▸ What the task requires
Repeat each entry exactly and drop the pictures.
*** Opening Data to use ***
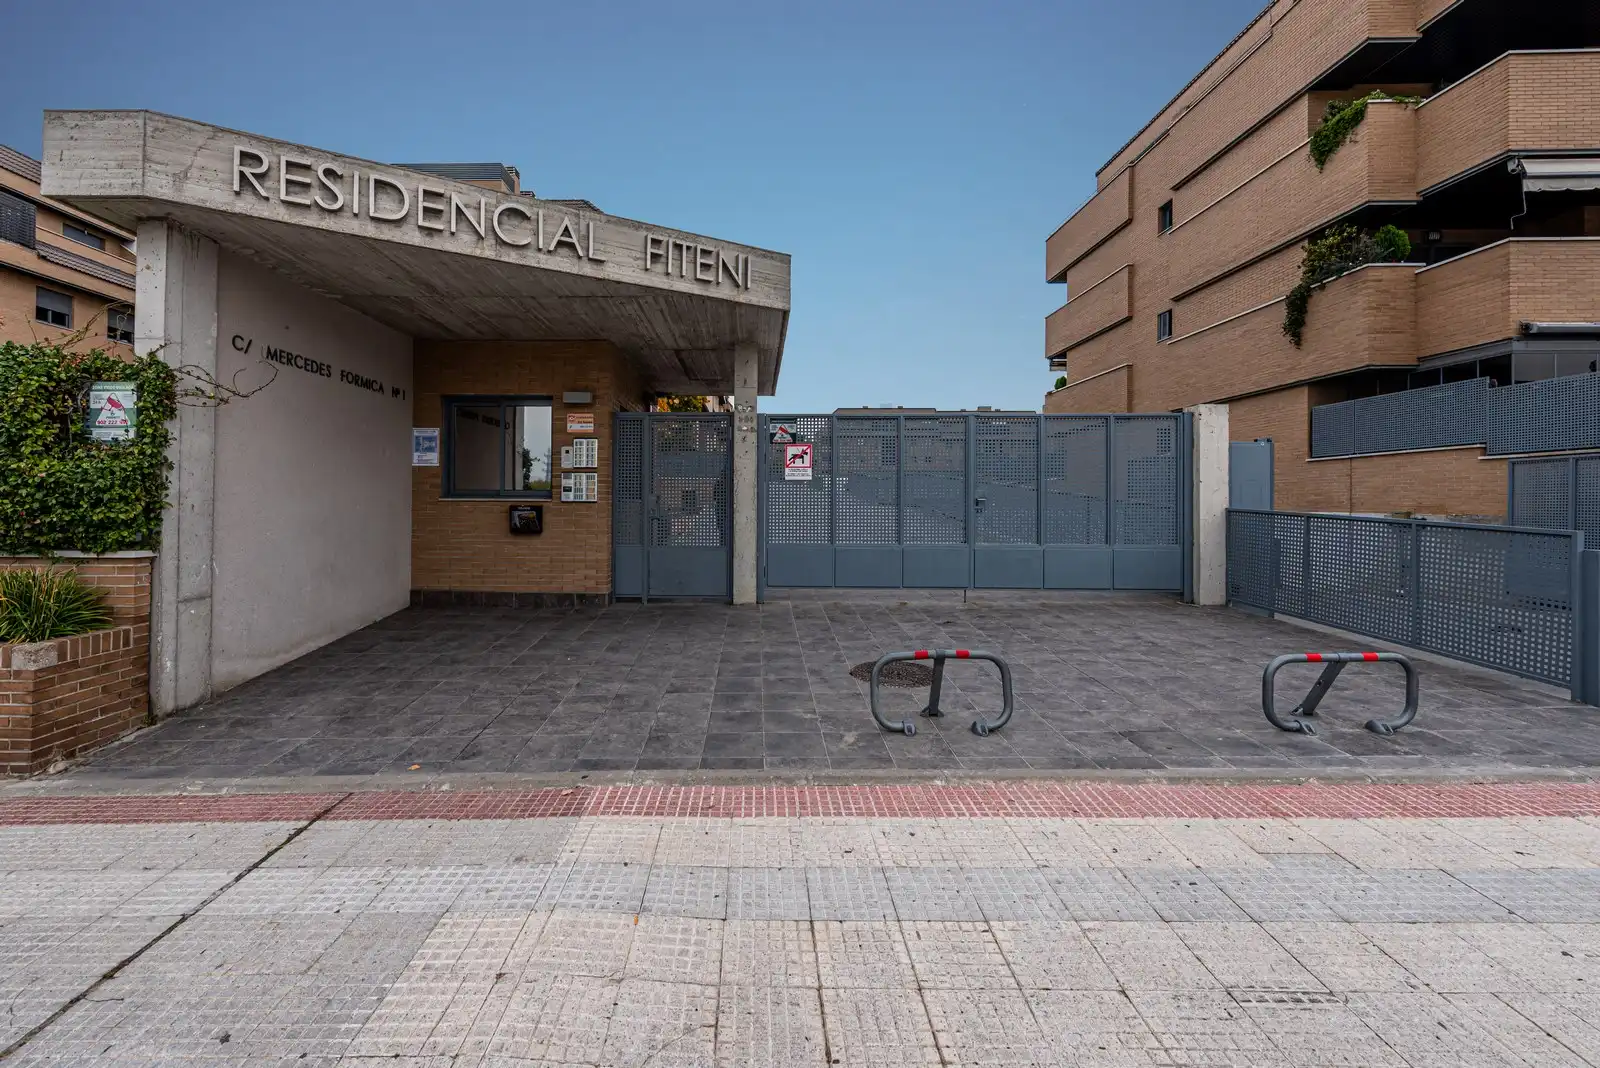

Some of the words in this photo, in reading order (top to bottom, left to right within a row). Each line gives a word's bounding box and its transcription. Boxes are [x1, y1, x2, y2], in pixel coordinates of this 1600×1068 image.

[233, 145, 606, 262] RESIDENCIAL
[644, 232, 751, 290] FITENI
[231, 334, 253, 354] C/
[266, 345, 332, 378] MERCEDES
[340, 369, 385, 395] FORMICA
*** Closing Data to use ***
▸ Task output
Some of the words in this photo, in reading order (top to bottom, left to right within a row). Each line gives a word's bounding box and its transcription. Boxes are [x1, y1, x2, y2], in pixel coordinates of this 1600×1068 image.

[233, 145, 606, 262] RESIDENCIAL
[644, 232, 751, 290] FITENI
[231, 334, 253, 354] C/
[266, 345, 332, 378] MERCEDES
[340, 369, 385, 395] FORMICA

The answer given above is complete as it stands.